Alexey Khrabrov caught up with him to find out how the engineering culture at LinkedIn has been so successful during his time there, particularly through a period where so many different new products have been released.
In being asked by Khrabrov about how change is created at such scale, Berger says, “Ultimately making change is something that requires people that want to be champions for that change so, for example, for a very long time we had about 300-350 services in our data centre that powered the LinkedIn experience and we had accumulated an enormous amount of technical debt around our APIs – we were using Spring RPC so it was not language agnostic, the framework itself was pretty nasty and it was really hard to make backwards compatible changes. So a set of engineers decided ‘this has to stop – we actually need to rewrite all of APIs we need to build a new framework that’s gonna help us model our domains much easier and expose those domain models to our clients.’ “
This ownership of challenges by engineering teams at LinkedIn allowed the Engineers to feel invested in what they were doing by drumming up buy in from other people in the business. The scale of change at Linkedin was enormous but the trust in the engineers to be able to deliver served two purposes. To empower the individuals and teams that were working on the projects and as a result, this delivered the best possible outcome for LinkedIn as a technology platform.

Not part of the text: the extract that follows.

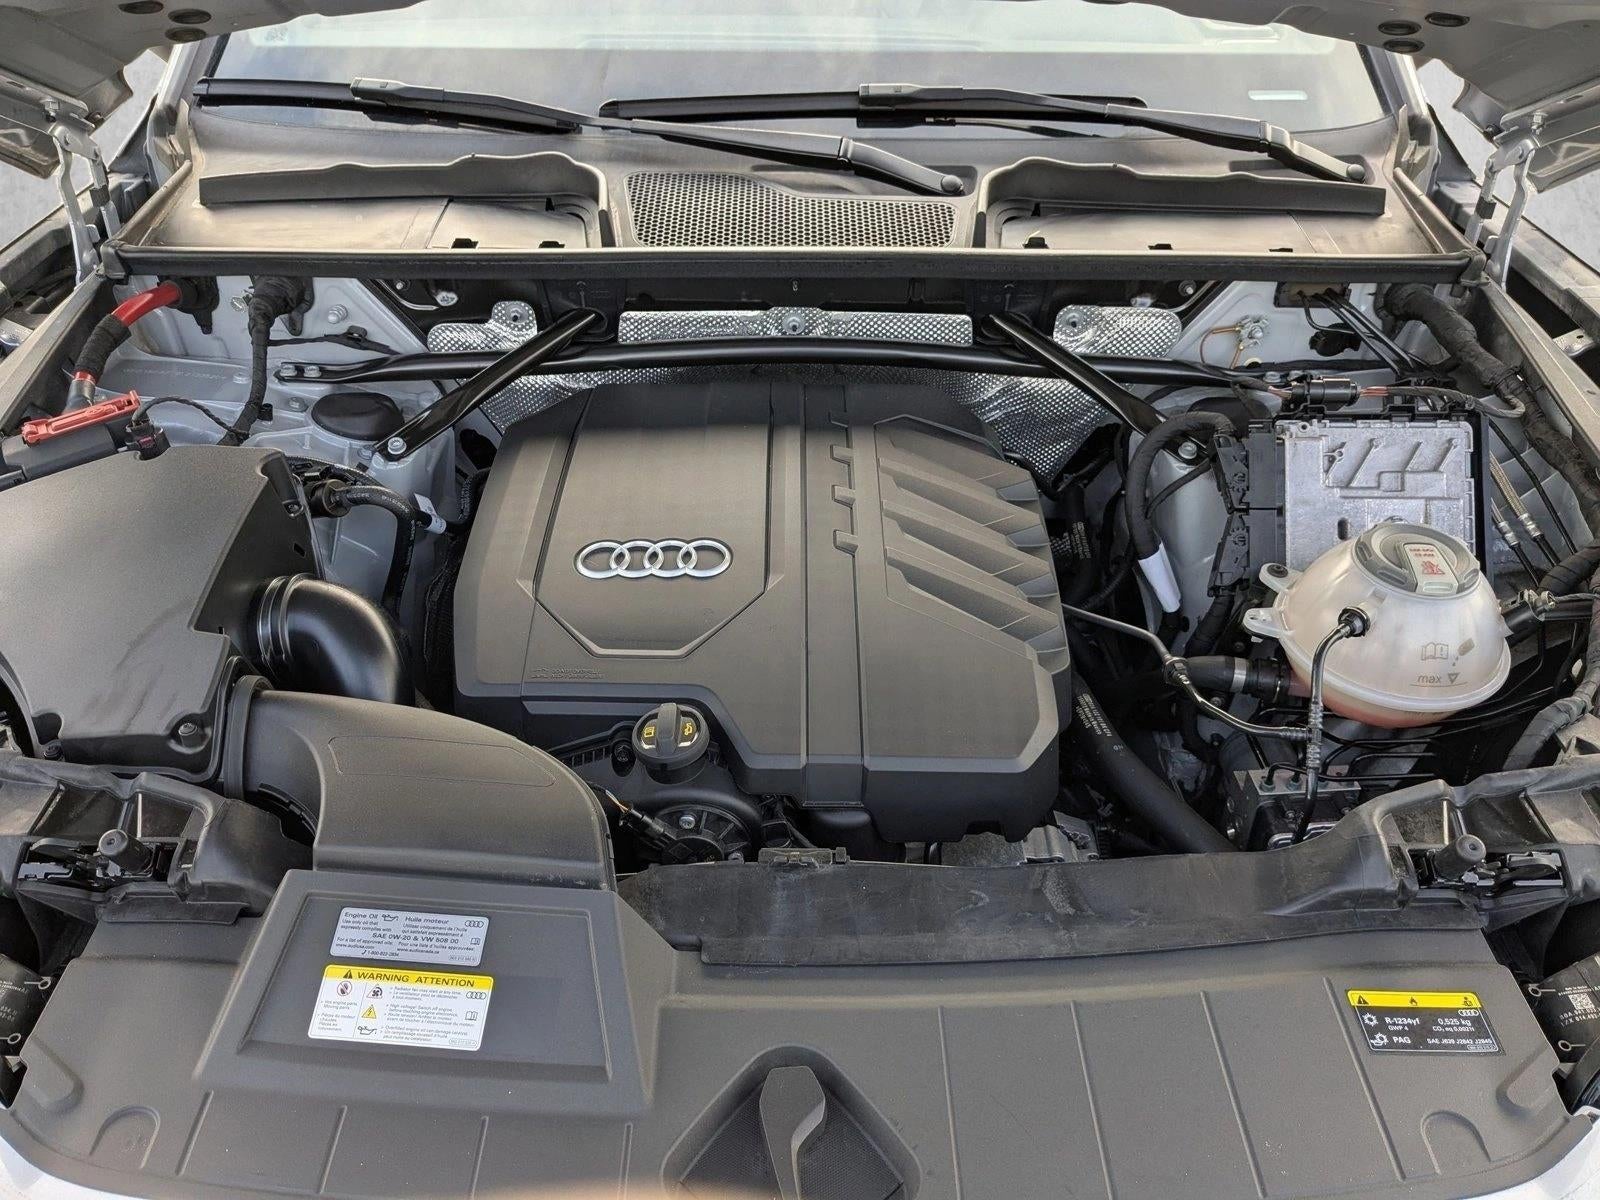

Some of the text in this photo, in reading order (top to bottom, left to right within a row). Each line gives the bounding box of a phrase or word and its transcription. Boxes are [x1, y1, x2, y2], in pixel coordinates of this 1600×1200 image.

The overriding message from Berger is that it is vital for the leadership team to support engineers in creating change in an organisation when needed. The long tail of this is that the scaling of a collaborative culture will follow with a more organic flow.
Another important cultural observation which Berger makes in this interview is about the localisation of objectives in organisations where quite often the objectives of different teams might be in conflict with one another, “I think the way that we resolve these conflicts ultimately is if we start from a place where winning means what is best for the organisation. It’s not necessarily what’s best for me and that’s better than what’s best for you, because you’re on some other team and I have this ego or passion and I know this is right. The reality is that these conflicting incentives and strategies for local winning frequently conflict and we have to work together to resolve those conflicts.”